#### The problem
Could you copy the lines below exactly, leaving none out?

#### Material provided
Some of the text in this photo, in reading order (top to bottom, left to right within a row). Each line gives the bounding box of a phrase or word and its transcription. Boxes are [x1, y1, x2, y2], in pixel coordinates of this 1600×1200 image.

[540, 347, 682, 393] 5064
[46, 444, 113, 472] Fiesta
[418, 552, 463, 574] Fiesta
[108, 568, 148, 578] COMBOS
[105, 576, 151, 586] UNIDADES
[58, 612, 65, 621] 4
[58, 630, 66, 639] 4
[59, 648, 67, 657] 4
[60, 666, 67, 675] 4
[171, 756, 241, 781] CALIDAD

#### Exercise answer
Some of the text in this photo, in reading order (top to bottom, left to right within a row). Each line gives the bounding box of a phrase or word and its transcription. Boxes are [x1, y1, x2, y2], in pixel coordinates of this 1600×1200 image.

[540, 347, 682, 393] 5064
[46, 444, 113, 472] Fiesta
[418, 552, 463, 574] Fiesta
[108, 568, 148, 578] COMBOS
[105, 576, 151, 586] UNIDADES
[58, 612, 65, 621] 4
[58, 630, 66, 639] 4
[59, 648, 67, 657] 4
[60, 666, 67, 675] 4
[171, 756, 241, 781] CALIDAD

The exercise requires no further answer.